En Estados Unidos, decenas de columnas de opinión han vertido ríos de tinta sobre la Ley seca 2.0 en los medios de comunicación. Alertados por las ventas de alcohol, disparadas hasta un 55% durante el pico del confinamiento, el doctor Peter B. Bach escribía en The Boston Globe que “la violencia doméstica parece que aumenta y los estados tienen que cerrar las licorerías hasta que el aislamiento doméstico ya no sea necesario”. Un borracho puede ser un personaje gracioso que siempre dice la verdad como los niños, pero cuando el sueño de la razón produce monstruos, un borracho puede pasar a ser un maltratador y un foco de contagio del coronavirus. Una bestia feroz inmunda que puede justificar el sacar adelante cualquier restricción por incongruente que parezca.
Cuando menos, algunos piden aprovechar la ocasión para modificar las etiquetas de las botellas, y que alerten de una vez por todas de la clara relación entre alcohol y cáncer. “Menos de la mitad de los norteamericanos saben que el alcohol es carcinógeno. Y el gran lobby del alcohol quiere que siga así”, titula uno de los artículos más comentados en The Counter, en referencia a la desinformación de la industria licorera, que quiere ocultar un vínculo médicamente irrefutable.

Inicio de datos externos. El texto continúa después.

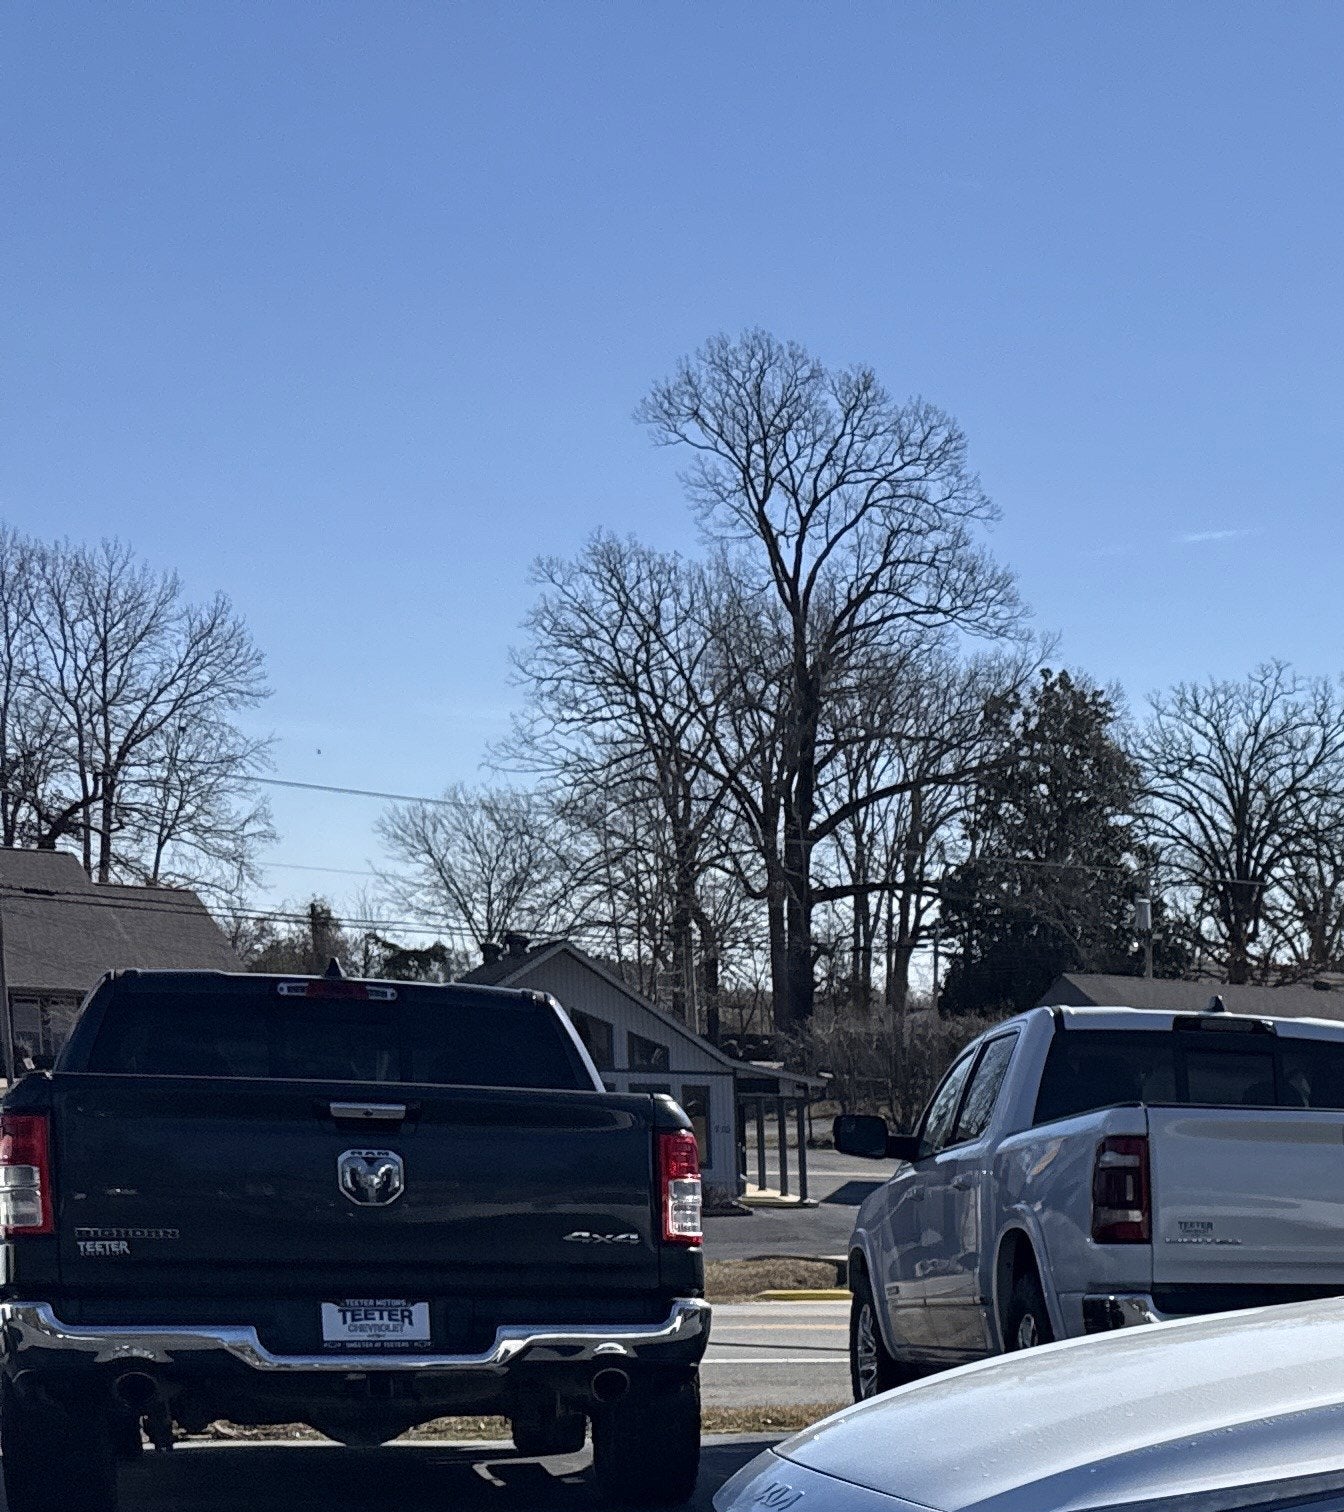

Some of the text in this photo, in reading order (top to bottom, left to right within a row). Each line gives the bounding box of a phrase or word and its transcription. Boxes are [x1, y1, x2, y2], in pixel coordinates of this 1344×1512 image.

Criminalizar a productores, distribuidores, vendedores, compradores y consumidores de bebidas alcohólicas es injusto y perverso, pero no entender que prohibir algo no garantiza que desaparezca es de necios. Lo sabe bien el gobierno de los Estados Unidos, que perdió voluntariamente unos 11.000 millones de dólares en ingresos fiscales por el alcohol durante la era de la prohibición y multiplicó el mercado ilegal de la mafia con alcoholes adulterados. Porque entender el grave problema del alcoholismo no exige vaciar los vasos y hacer añicos todas las botellas contra la pared. Cualquier enfoque punitivo amplifica los daños asociados al consumo de alcohol y no ayuda a buscar una solución desde un punto de vista más humanístico y sociológico.
En estas fiestas navideñas, con las restricciones de un máximo de diez personas durante las reuniones familiares no podré explicar a mi tío lejano la teoría del mono borracho. Por otro lado, él tampoco obsequiará a la familia con su borrachera políticamente correcta. Adiós al vasito de vermut con la aceituna, a la mezcla sin criterio de vinos blancos y negros, a la copa de champán con el polvorón y al chupito de digestivo porque “un día es un día”. Bien, poder lo podrá hacer, pero mi tío estará encerrado a cal y canto en arresto domiciliario. Y ya sabemos que esto de pimplar a solas hace ver fantasmas allí donde se esconden los recuerdos mal digeridos.